Quelles conséquences pour les factures d'énergie des ménages ?
Face à des prix qui resteront élevés jusqu’en 2027, les consommateurs devront continuer à allouer une part importante de leur budget aux dépenses énergétiques, ce qui pourrait avoir un impact sur leur capacité à répondre à d'autres besoins essentiels et fragiliser les ménages les plus modestes. Les ménages doivent donc rester vigilants dans leur consommation énergétique et continuer leurs efforts de sobriété, en réalisant des économies d’énergie et en adaptant leurs consommations.
Cependant, il convient de noter que les prix de l'énergie ne sont pas les seuls facteurs déterminants dans la composition des factures d'électricité et de gaz des ménages. D’autres éléments comme les coûts de production, de transport, de distribution ou les taxes contribuent à faire augmenter ou baisser les factures. Il est donc difficile de prévoir à ce jour à quoi ressemblera une facture d’électricité type dans 1, 2 ou 3 ans.

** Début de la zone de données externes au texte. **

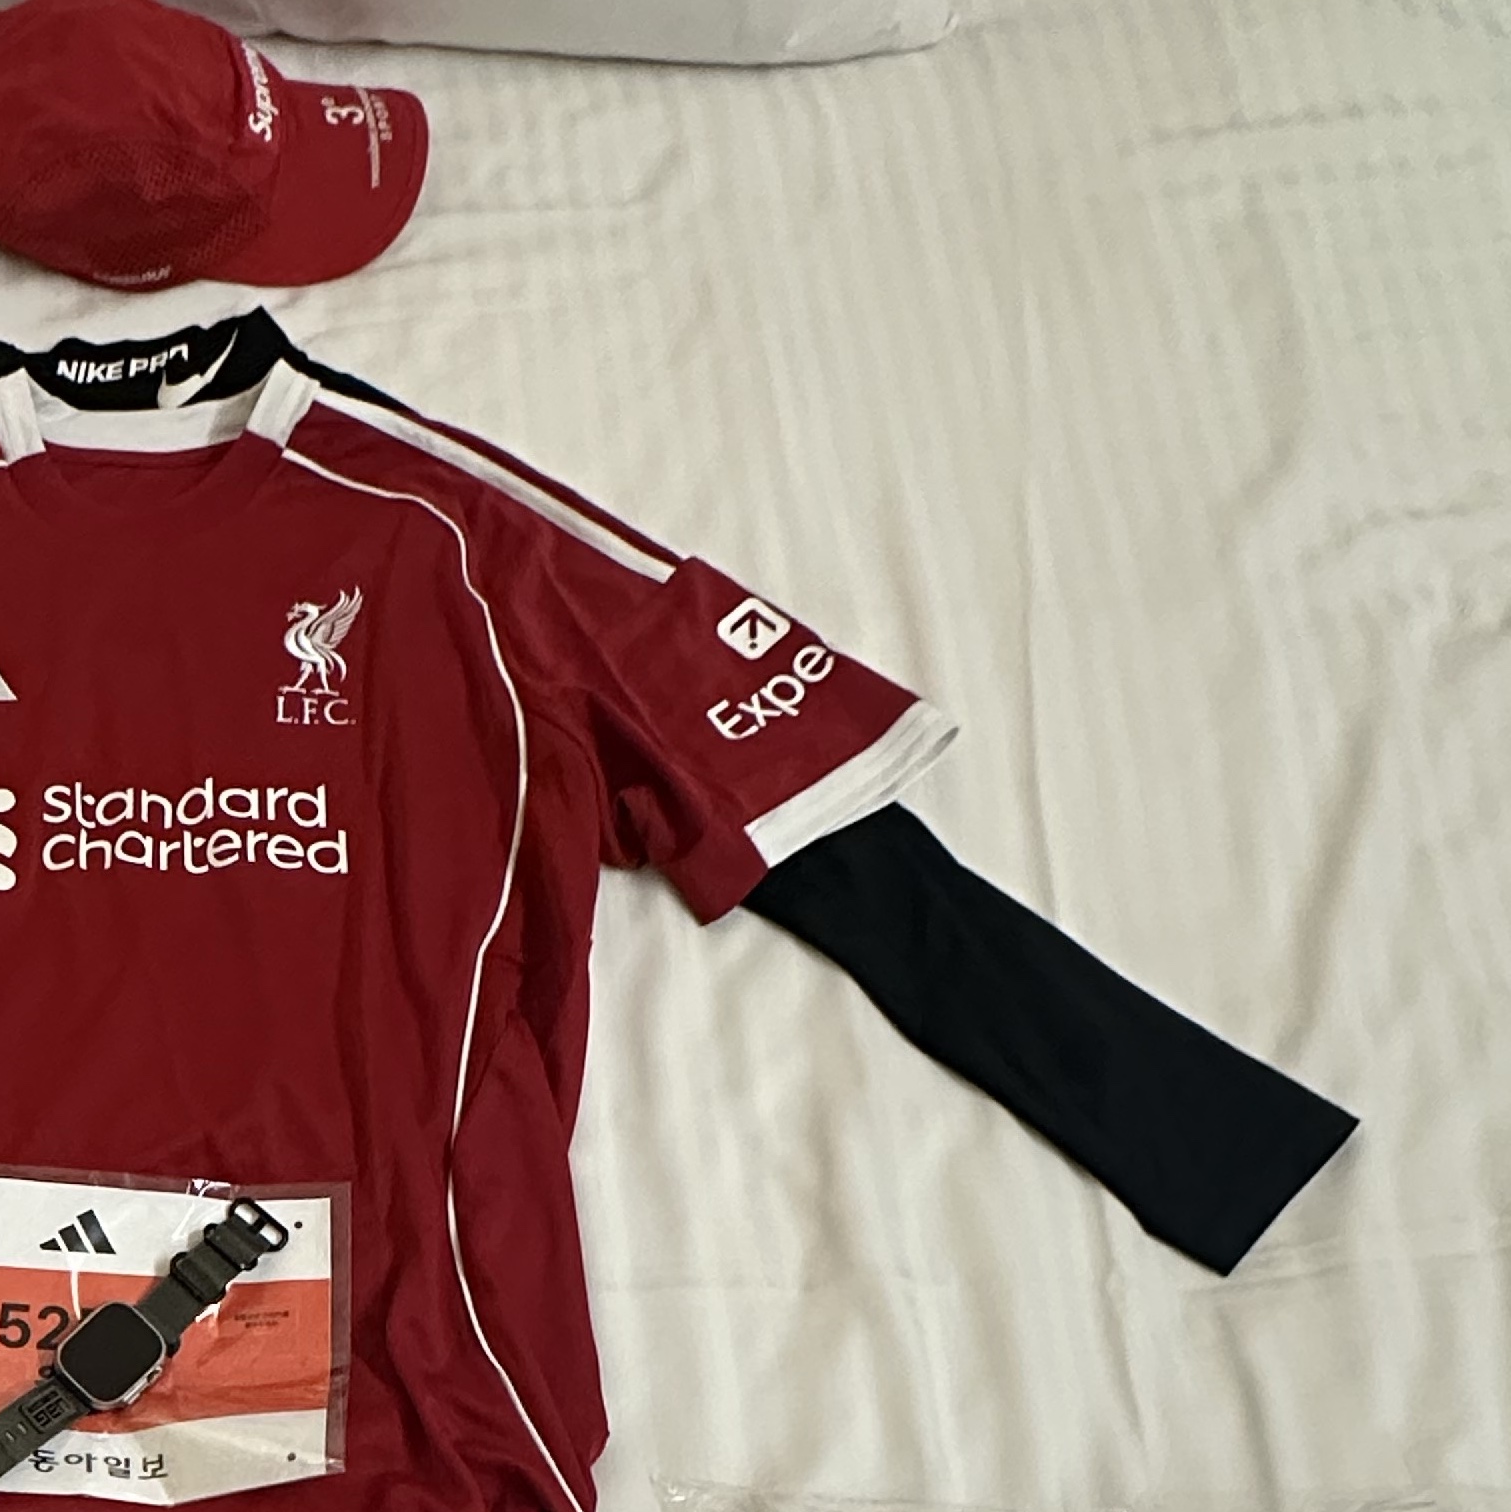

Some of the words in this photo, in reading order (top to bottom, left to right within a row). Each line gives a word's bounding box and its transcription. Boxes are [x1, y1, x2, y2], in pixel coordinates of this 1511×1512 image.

[55, 358, 125, 384] NIKE
[275, 696, 357, 725] L.F.C.
[42, 827, 349, 875] chartered
[28, 1449, 169, 1480] 동아일보

Par ailleurs, en cas de montée en flèche des prix de l’électricité et du gaz, les pouvoirs publics pourraient amortir les conséquences sur les ménages les plus vulnérables, par le biais de mécanismes tels que le bouclier tarifaire par exemple, lequel est maintenu jusqu’en 2025 pour l’électricité, ou d’autres aides énergie.